Records drawn from a dataset
*** Block opens ***
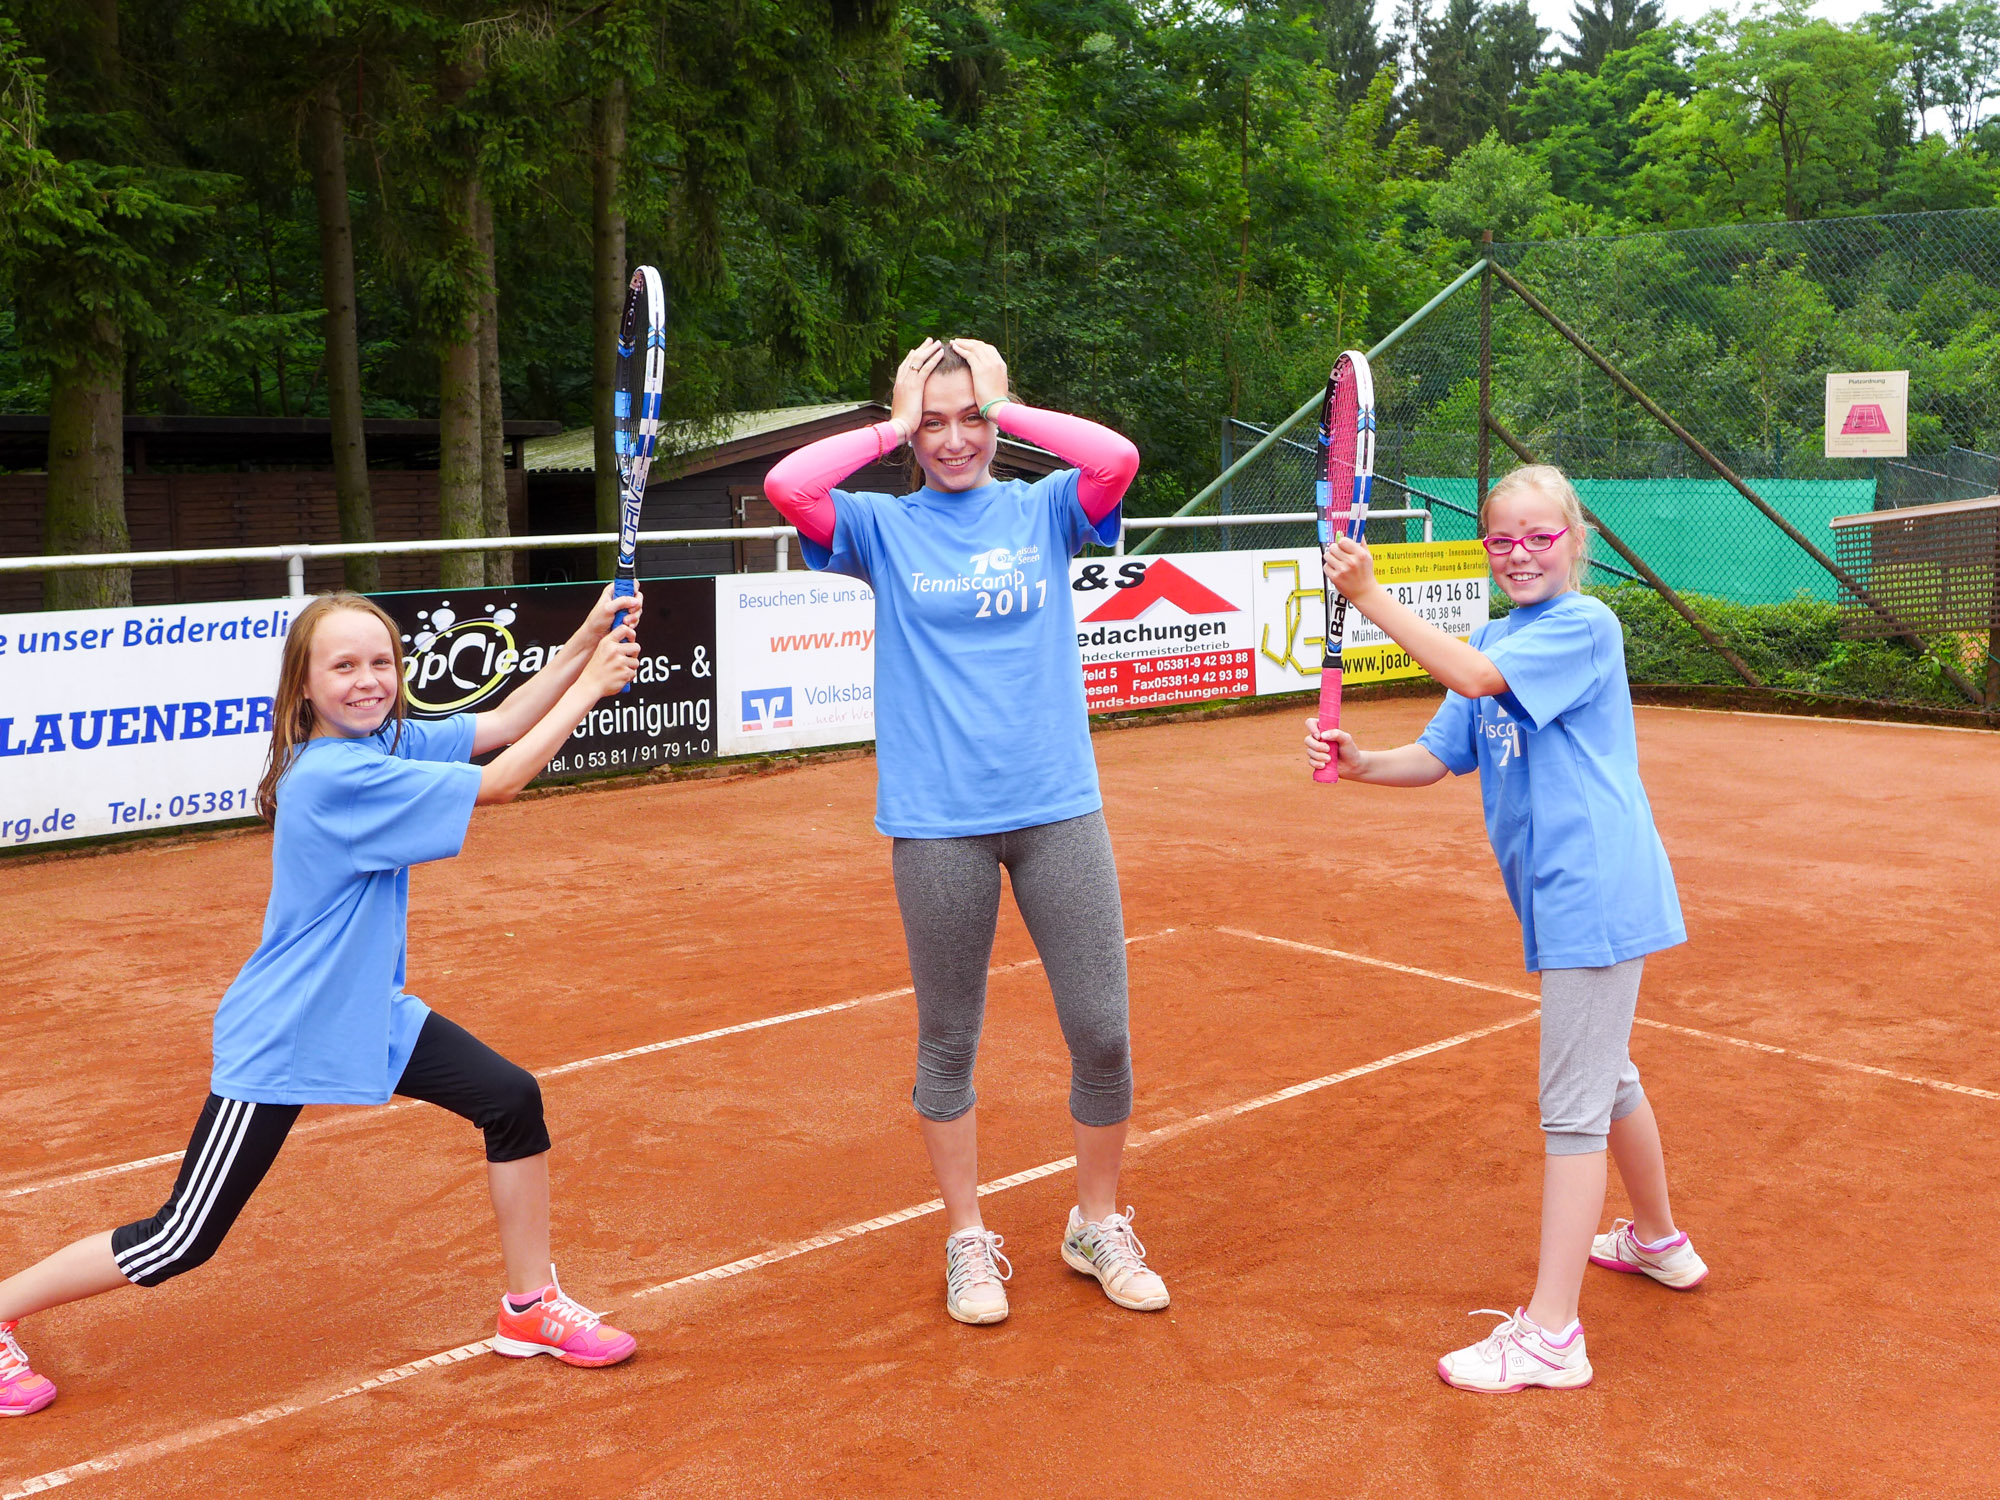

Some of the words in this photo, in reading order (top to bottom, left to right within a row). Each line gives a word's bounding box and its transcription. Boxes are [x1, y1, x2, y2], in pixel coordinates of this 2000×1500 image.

[1072, 564, 1109, 592] &
[1114, 562, 1147, 590] S
[1433, 563, 1456, 572] Planung
[1457, 562, 1462, 570] &
[911, 568, 1025, 593] Tenniscamp
[739, 590, 806, 609] Besuchen
[810, 588, 829, 605] Sie
[833, 588, 856, 603] uns
[859, 588, 875, 602] au
[975, 579, 1047, 618] 2017
[1398, 586, 1414, 606] 81
[1426, 584, 1442, 603] 49
[1447, 583, 1462, 601] 16
[1466, 581, 1481, 600] 81
[1330, 593, 1348, 638] Bab
[1426, 608, 1437, 621] 30
[1439, 607, 1449, 619] 38
[1451, 606, 1461, 618] 94
[18, 626, 114, 655] unser
[122, 610, 289, 648] Bäderateli
[770, 628, 875, 653] www.my
[1077, 621, 1227, 648] edachungen
[1352, 629, 1391, 643] Mühlenw
[1443, 622, 1471, 634] Seesen
[691, 645, 712, 679] &
[1082, 641, 1230, 663] hdeckermeisterbetrieb
[1133, 661, 1154, 674] Tel.
[1156, 657, 1201, 671] 05381-9
[1203, 655, 1217, 667] 42
[1219, 653, 1233, 665] 93
[1235, 652, 1249, 664] 88
[1342, 650, 1424, 676] www.joao-
[1083, 667, 1107, 681] feld
[1109, 667, 1118, 679] 5
[1203, 672, 1217, 683] 42
[1219, 670, 1233, 681] 93
[1235, 668, 1249, 680] 89
[804, 682, 872, 706] Volksba
[1087, 682, 1249, 709] unds-bedachungen.de
[0, 696, 277, 758] LAUENBER
[568, 698, 711, 738] ereinigung
[574, 753, 584, 770] 0
[588, 750, 607, 768] 53
[610, 748, 627, 765] 81
[632, 746, 638, 763] /
[641, 744, 657, 761] 91
[663, 742, 681, 758] 79
[701, 738, 710, 754] 0
[2, 808, 77, 843] rg.de
[108, 799, 162, 826] Tel.:
[169, 788, 258, 818] 05381-
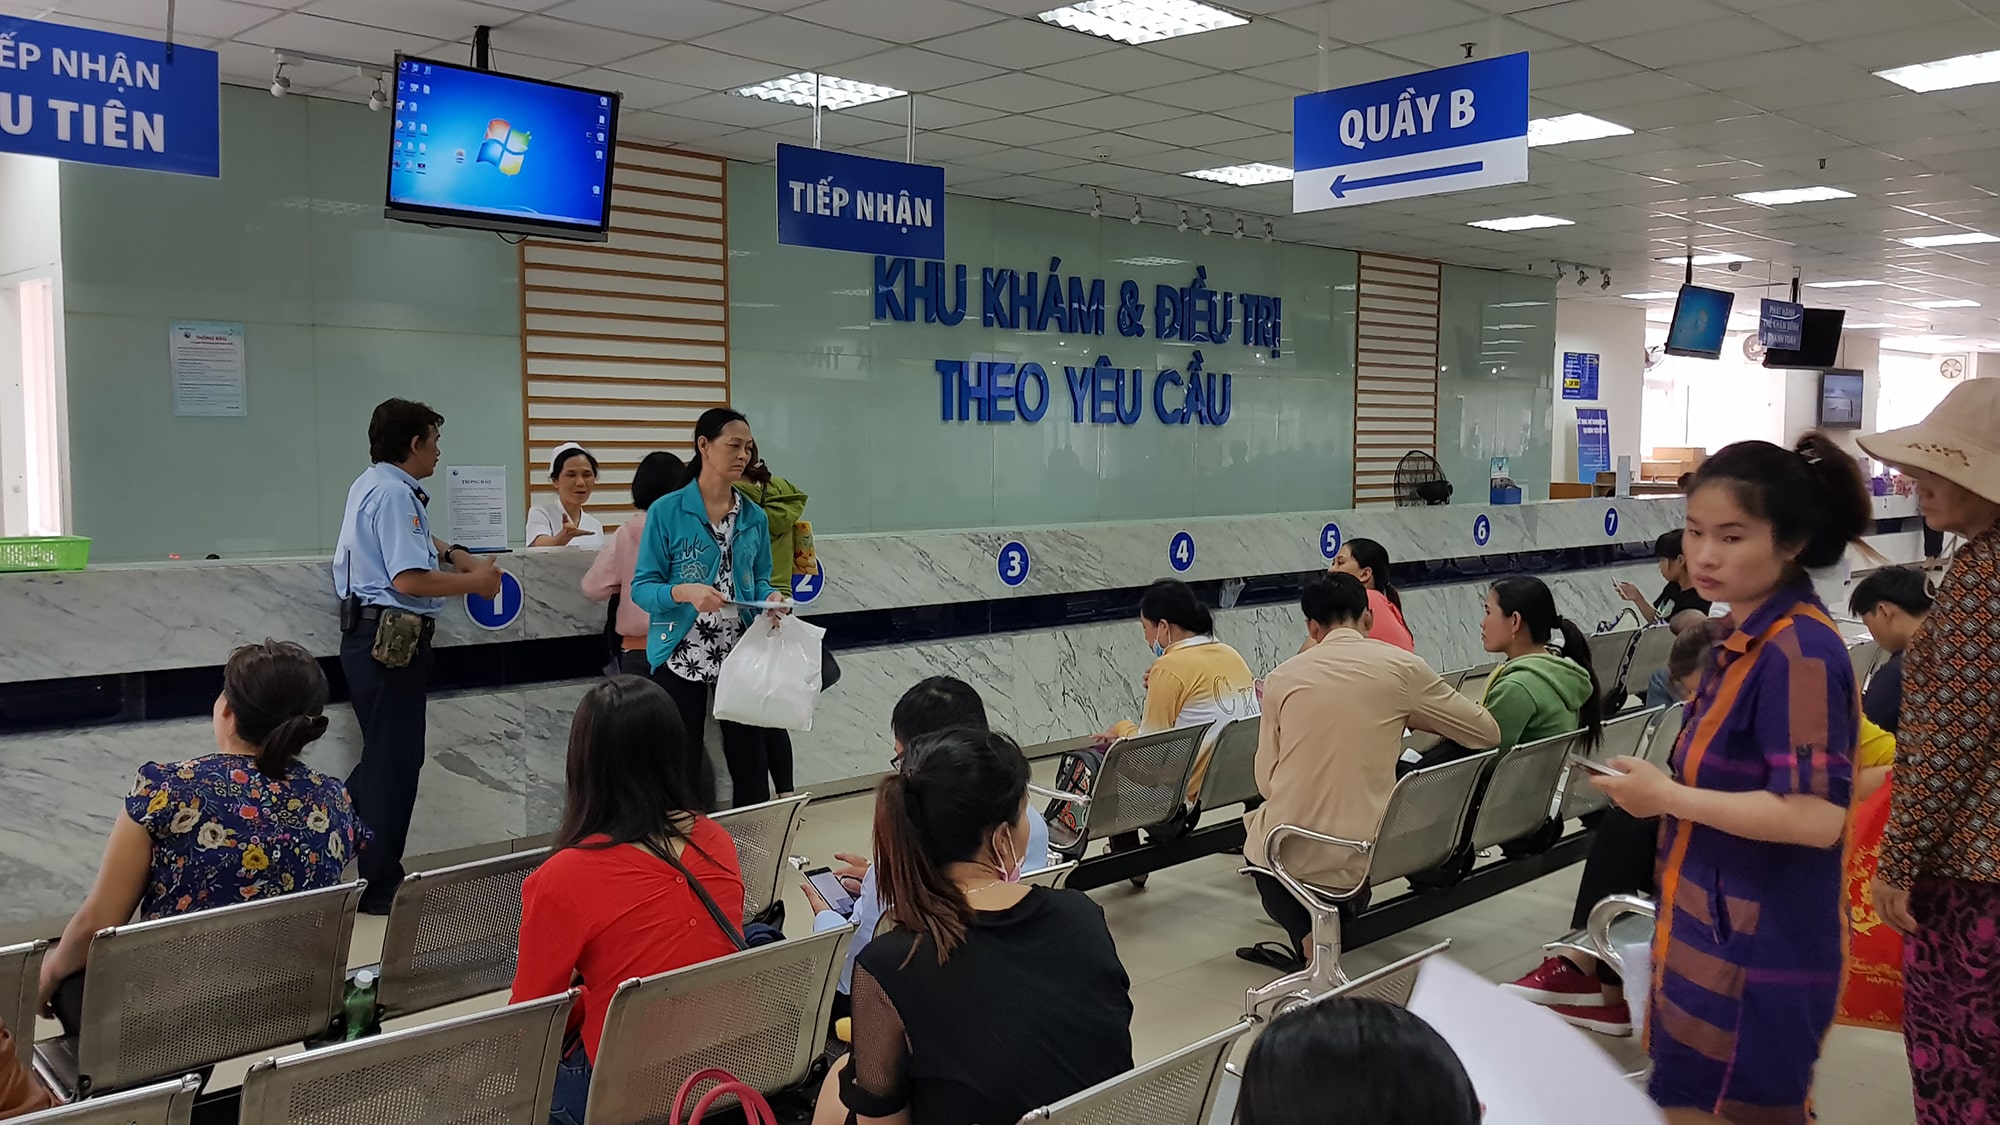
*** Block closes ***
Work item
All entries must be written out again exactly as given, with no pictures in the copy.

Exercise answer
Some of the words in this photo, in reading order (top to bottom, left to right within a row). Each line gives a word's bounding box and its transcription. Boxes are [x1, y1, x2, y2], in pixel coordinates of this 2000×1500 image.

[1072, 564, 1109, 592] &
[1114, 562, 1147, 590] S
[1433, 563, 1456, 572] Planung
[1457, 562, 1462, 570] &
[911, 568, 1025, 593] Tenniscamp
[739, 590, 806, 609] Besuchen
[810, 588, 829, 605] Sie
[833, 588, 856, 603] uns
[859, 588, 875, 602] au
[975, 579, 1047, 618] 2017
[1398, 586, 1414, 606] 81
[1426, 584, 1442, 603] 49
[1447, 583, 1462, 601] 16
[1466, 581, 1481, 600] 81
[1330, 593, 1348, 638] Bab
[1426, 608, 1437, 621] 30
[1439, 607, 1449, 619] 38
[1451, 606, 1461, 618] 94
[18, 626, 114, 655] unser
[122, 610, 289, 648] Bäderateli
[770, 628, 875, 653] www.my
[1077, 621, 1227, 648] edachungen
[1352, 629, 1391, 643] Mühlenw
[1443, 622, 1471, 634] Seesen
[691, 645, 712, 679] &
[1082, 641, 1230, 663] hdeckermeisterbetrieb
[1133, 661, 1154, 674] Tel.
[1156, 657, 1201, 671] 05381-9
[1203, 655, 1217, 667] 42
[1219, 653, 1233, 665] 93
[1235, 652, 1249, 664] 88
[1342, 650, 1424, 676] www.joao-
[1083, 667, 1107, 681] feld
[1109, 667, 1118, 679] 5
[1203, 672, 1217, 683] 42
[1219, 670, 1233, 681] 93
[1235, 668, 1249, 680] 89
[804, 682, 872, 706] Volksba
[1087, 682, 1249, 709] unds-bedachungen.de
[0, 696, 277, 758] LAUENBER
[568, 698, 711, 738] ereinigung
[574, 753, 584, 770] 0
[588, 750, 607, 768] 53
[610, 748, 627, 765] 81
[632, 746, 638, 763] /
[641, 744, 657, 761] 91
[663, 742, 681, 758] 79
[701, 738, 710, 754] 0
[2, 808, 77, 843] rg.de
[108, 799, 162, 826] Tel.:
[169, 788, 258, 818] 05381-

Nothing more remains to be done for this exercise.